Overview
Write stalls occur when RocksDB slows down or temporarily stops accepting writes to prevent running out of resources. This is a critical flow control mechanism that protects database stability.
Write stalls indicate that writes are arriving faster than compaction can process them. While stalls protect the database, they impact write throughput and latency.
Why Write Stalls Happen
From advanced_options.h:539-716, RocksDB triggers write stalls when:
- Too many L0 files - Exceeds
level0_slowdown_writes_trigger or level0_stop_writes_trigger
- Pending compaction bytes - Exceeds
soft_pending_compaction_bytes_limit or hard_pending_compaction_bytes_limit
- Too many memtables - Immutable memtables waiting for flush
Stall Conditions
Level 0 File Thresholds
From advanced_options.h:539-553:
// Soft limit - starts slowing down writes
int level0_slowdown_writes_trigger = 20; // Default
// Hard limit - stops writes completely
int level0_stop_writes_trigger = 36; // Default
How it works:
Options options;
options.level0_slowdown_writes_trigger = 20;
options.level0_stop_writes_trigger = 36;
// L0 files: 0-19 → Normal write speed
// L0 files: 20-35 → Writes slowed (delayed_write_rate)

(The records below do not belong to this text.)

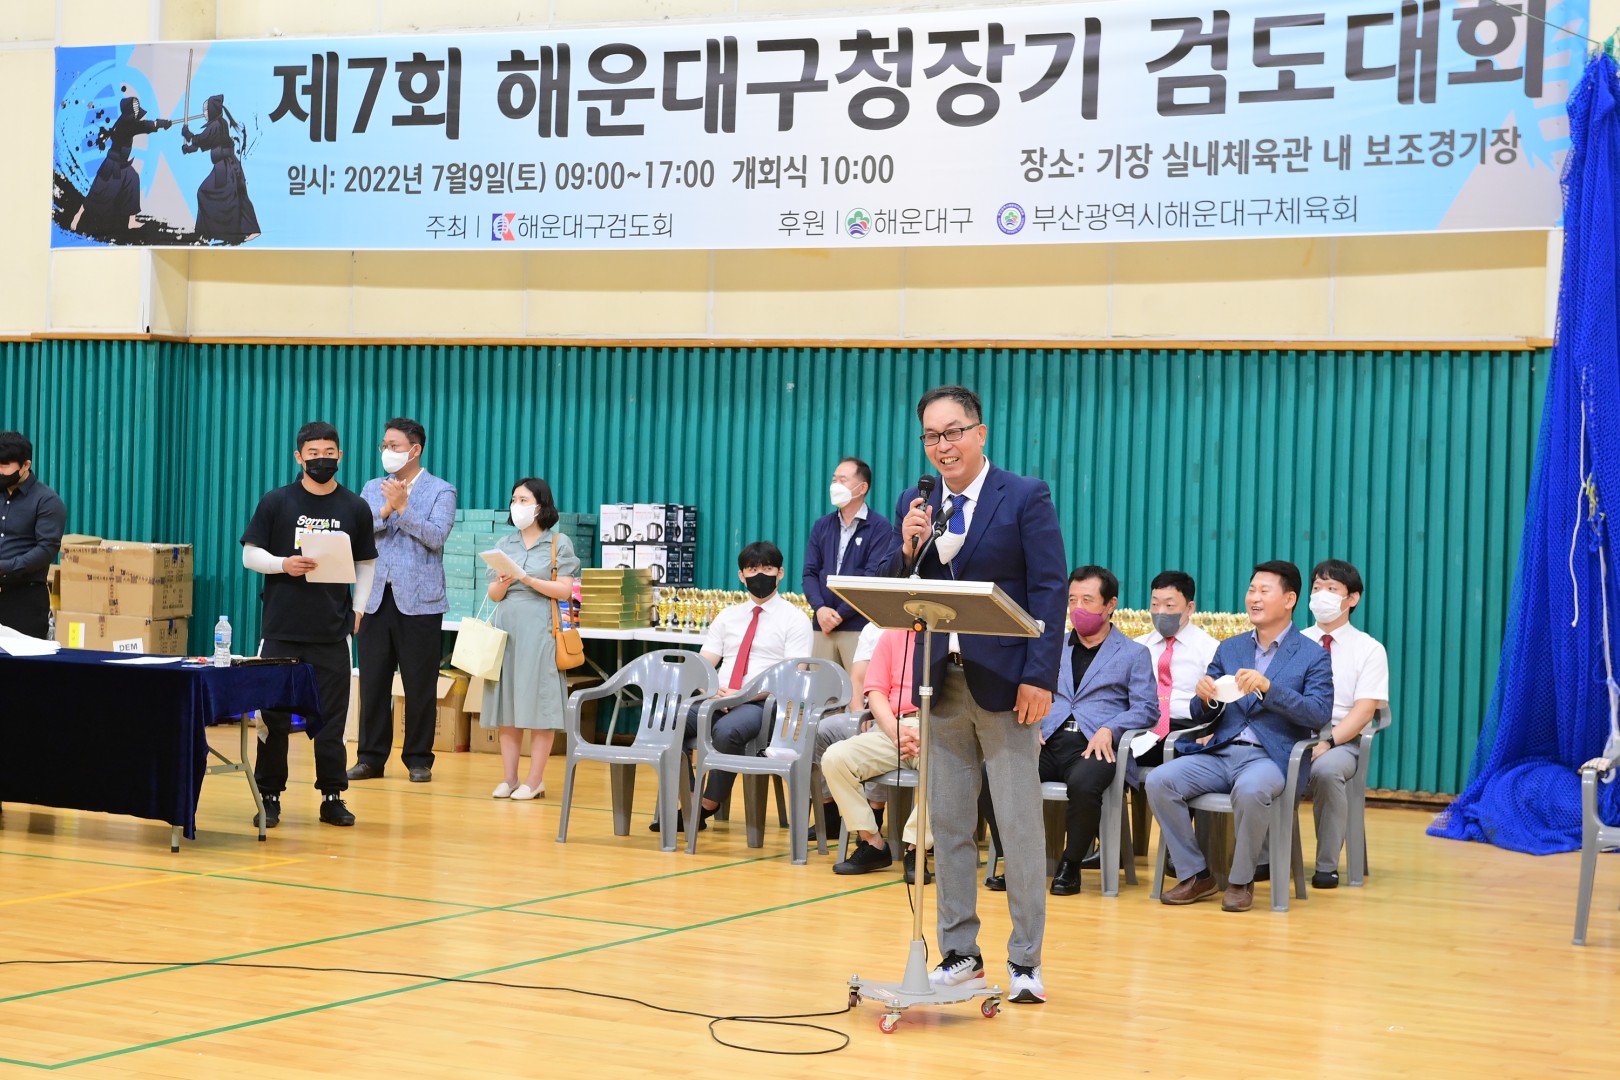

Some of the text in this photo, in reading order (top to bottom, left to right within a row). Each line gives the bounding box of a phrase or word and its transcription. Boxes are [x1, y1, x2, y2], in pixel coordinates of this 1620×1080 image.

[268, 0, 1547, 143] 제7회 해운대구청장기 검도대회
[1019, 125, 1522, 183] 장소: 기장 실내체육관 내 보조경기장
[287, 154, 895, 196] 일시: 2022년 7월9일(토) 09:00~17:00 개회식 10:00
[425, 214, 467, 240] 주최
[518, 212, 673, 240] 해운대구검도회
[777, 209, 825, 237] 후원
[874, 207, 974, 235] 해운대구
[1031, 194, 1358, 232] 부산광역시해운대구체육회
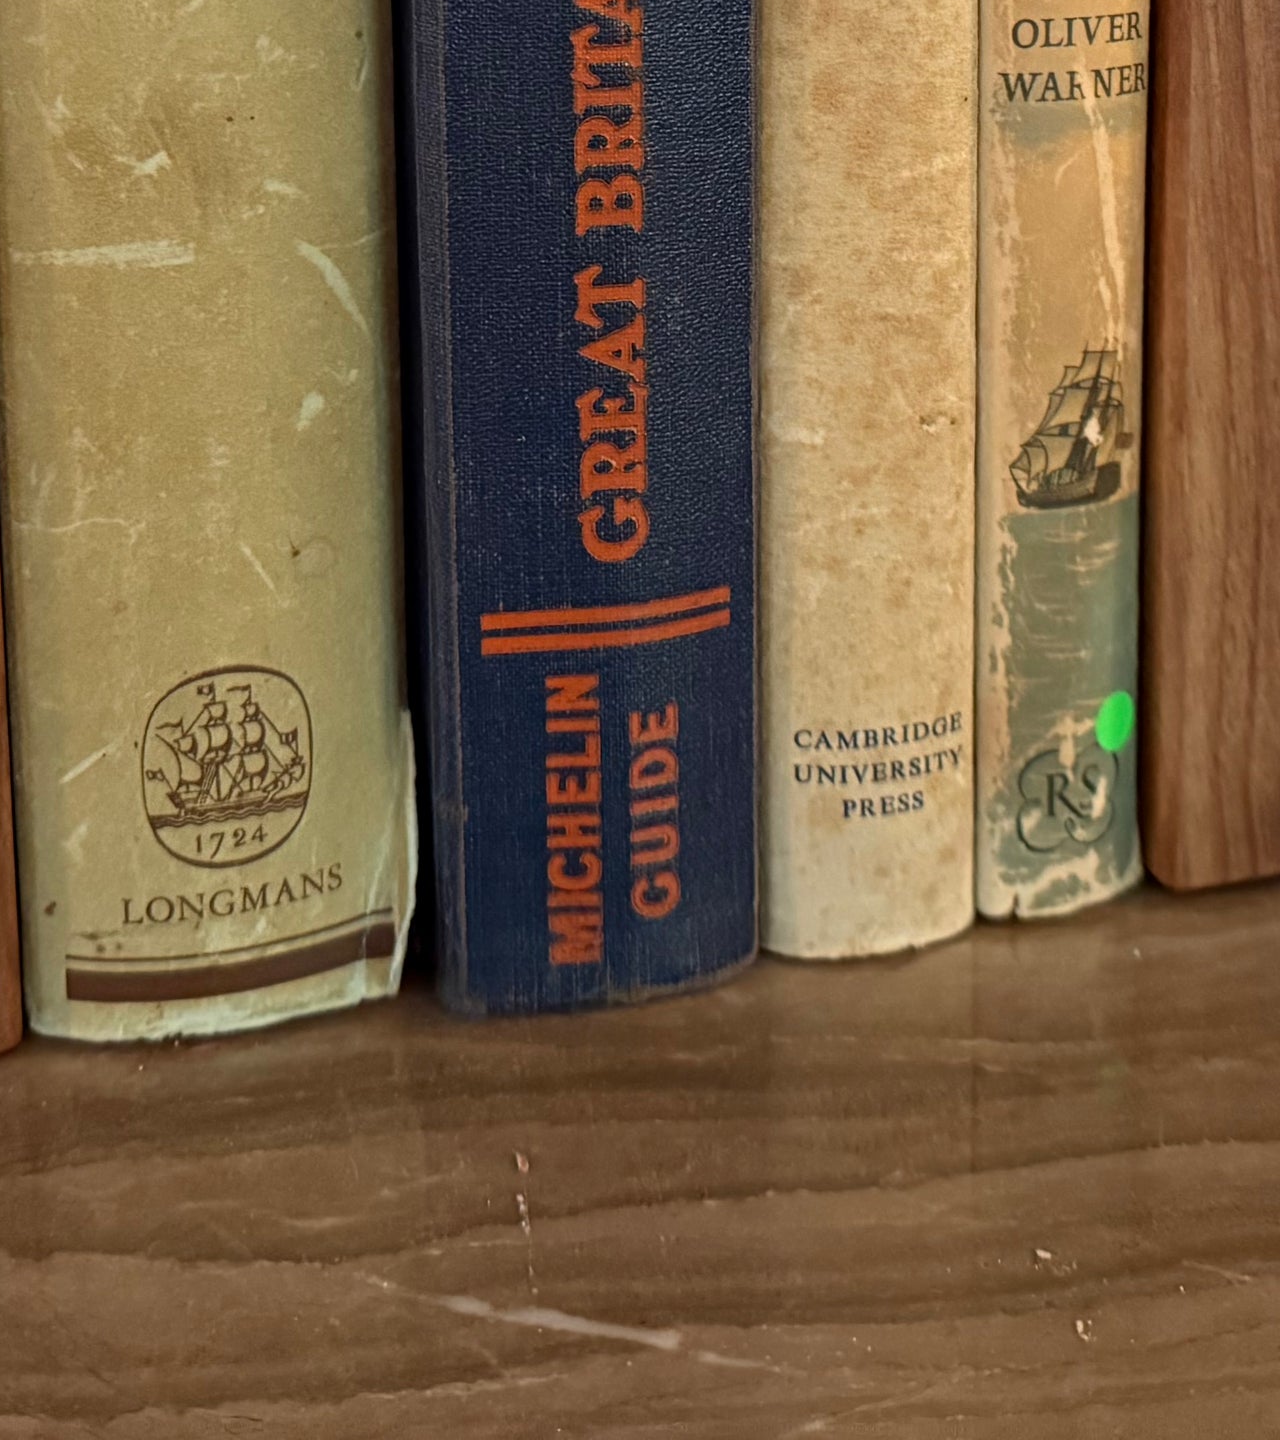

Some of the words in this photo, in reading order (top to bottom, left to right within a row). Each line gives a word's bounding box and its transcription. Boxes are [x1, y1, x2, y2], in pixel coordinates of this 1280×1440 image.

[1011, 11, 1142, 49] OLIVER
[997, 62, 1146, 102] WARNER
[576, 266, 650, 563] GREAT
[793, 711, 963, 750] CAMBRIDGE
[793, 746, 963, 785] UNIVERSITY
[545, 674, 605, 966] MICHELIN
[629, 699, 681, 918] GUIDE
[842, 790, 925, 818] PRESS
[194, 823, 268, 859] 1724
[122, 862, 343, 925] LONGMANS
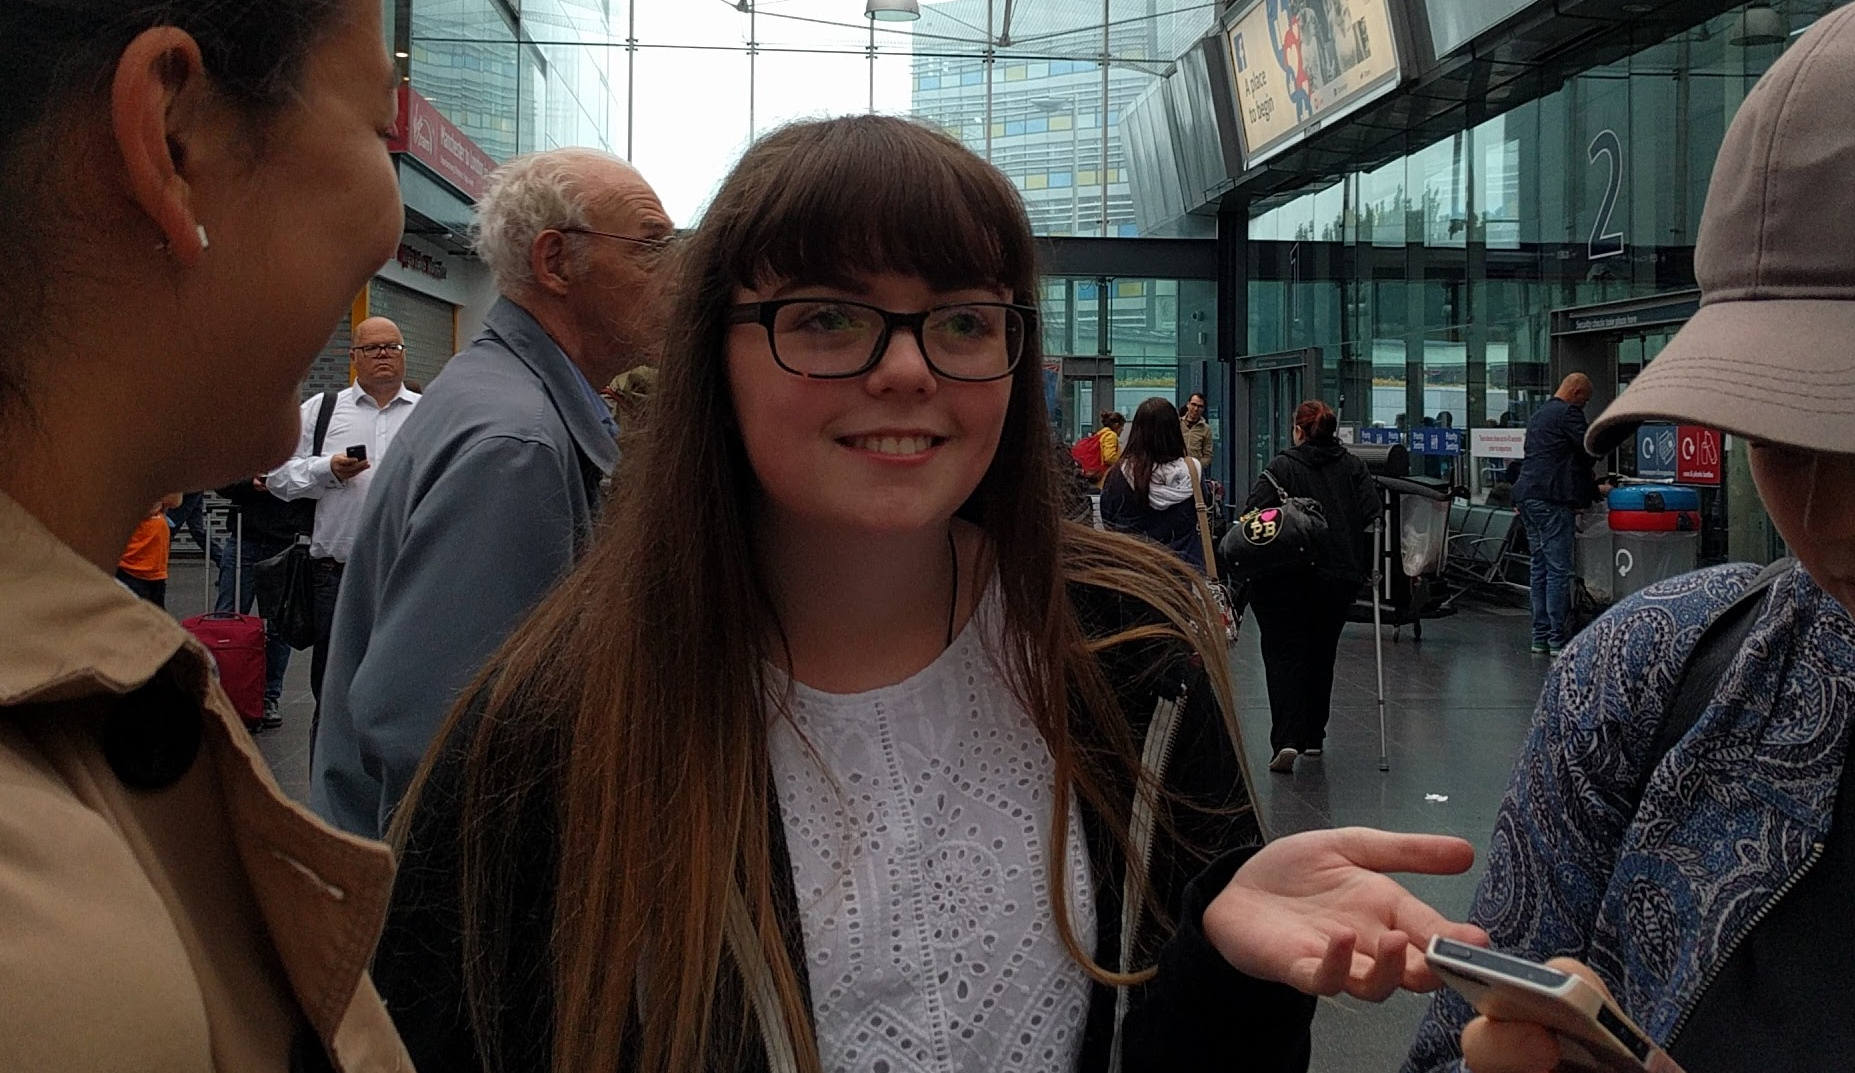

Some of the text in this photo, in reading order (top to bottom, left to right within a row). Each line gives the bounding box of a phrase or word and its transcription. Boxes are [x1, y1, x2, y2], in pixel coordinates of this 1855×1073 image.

[1244, 71, 1267, 99] A place
[1248, 93, 1275, 124] to begin
[1588, 129, 1624, 260] 2

// L0 files: 36+ → Writes stopped until compaction catches up
Dynamically changeable through SetOptions() API.
Pending Compaction Bytes
From advanced_options.h:702-716:
// Soft limit - slow down writes
uint64_t soft_pending_compaction_bytes_limit = 64 * 1024 * 1024 * 1024ULL; // 64 GB
// Hard limit - stop writes
uint64_t hard_pending_compaction_bytes_limit = 256 * 1024 * 1024 * 1024ULL; // 256 GB
Purpose: Prevents unbounded accumulation of data awaiting compaction.
Options options;
options.soft_pending_compaction_bytes_limit = 64ULL * 1024 * 1024 * 1024;
options.hard_pending_compaction_bytes_limit = 256ULL * 1024 * 1024 * 1024;
// Estimated pending bytes < 64 GB → Normal
// Estimated pending bytes 64-256 GB → Delayed writes
// Estimated pending bytes > 256 GB → Writes stopped
Memtable Limits
From advanced_options.h:259-270:
int max_write_buffer_number = 2; // Maximum write buffers
Write stalls when:
- Active memtable is full
- All
max_write_buffer_number slots are occupied
- Flush can’t keep up with write rate
Write Delay Rate
When slowdown is triggered, writes are delayed to this rate:
DBOptions db_options;
db_options.delayed_write_rate = 16 * 1024 * 1024; // 16 MB/s (default)
RocksDB may automatically adjust delayed_write_rate based on flush/compaction speed to find the optimal rate.
Monitoring Write Stalls
Statistics
From statistics.h:205:
STALL_MICROS // Total time writes were stalled (in microseconds)
Check if stalls are occurring:
auto stats = options.statistics;
uint64_t stall_micros = stats->getTickerCount(STALL_MICROS);
if (stall_micros > 0) {
double stall_seconds = stall_micros / 1000000.0;
printf("Writes stalled for %.2f seconds\n", stall_seconds);
}
Histogram
From statistics.h:622:
WRITE_STALL // Distribution of stall durations
HistogramData stall_hist;
stats->histogramData(WRITE_STALL, &stall_hist);
printf("Stall Duration:\n");
printf(" Median: %.2f us\n", stall_hist.median);
printf(" P95: %.2f us\n", stall_hist.percentile95);
printf(" P99: %.2f us\n", stall_hist.percentile99);
printf(" Max: %.2f us\n", stall_hist.max);
Database Properties
// Check pending compaction bytes
uint64_t pending_bytes;
db->GetIntProperty(
"rocksdb.estimate-pending-compaction-bytes",
&pending_bytes
);
// Check L0 file count
uint64_t l0_files;
db->GetIntProperty("rocksdb.num-files-at-level0", &l0_files);
// Check memtable flush pending
std::string flush_pending;
db->GetProperty("rocksdb.mem-table-flush-pending", &flush_pending);
printf("Pending compaction: %lu bytes\n", pending_bytes);
printf("L0 files: %lu\n", l0_files);
printf("Flush pending: %s\n", flush_pending.c_str());
Preventing Write Stalls
1. Increase L0 Thresholds
Options options;
// More relaxed thresholds (requires more compaction resources)
options.level0_slowdown_writes_trigger = 30; // Was 20
options.level0_stop_writes_trigger = 50; // Was 36
Increasing thresholds allows more L0 files, which can slow down reads and require more compaction resources.
2. Increase Write Buffers
From advanced_options.h:259-282:
Options options;
options.write_buffer_size = 128 * 1024 * 1024; // 128 MB (was 64 MB)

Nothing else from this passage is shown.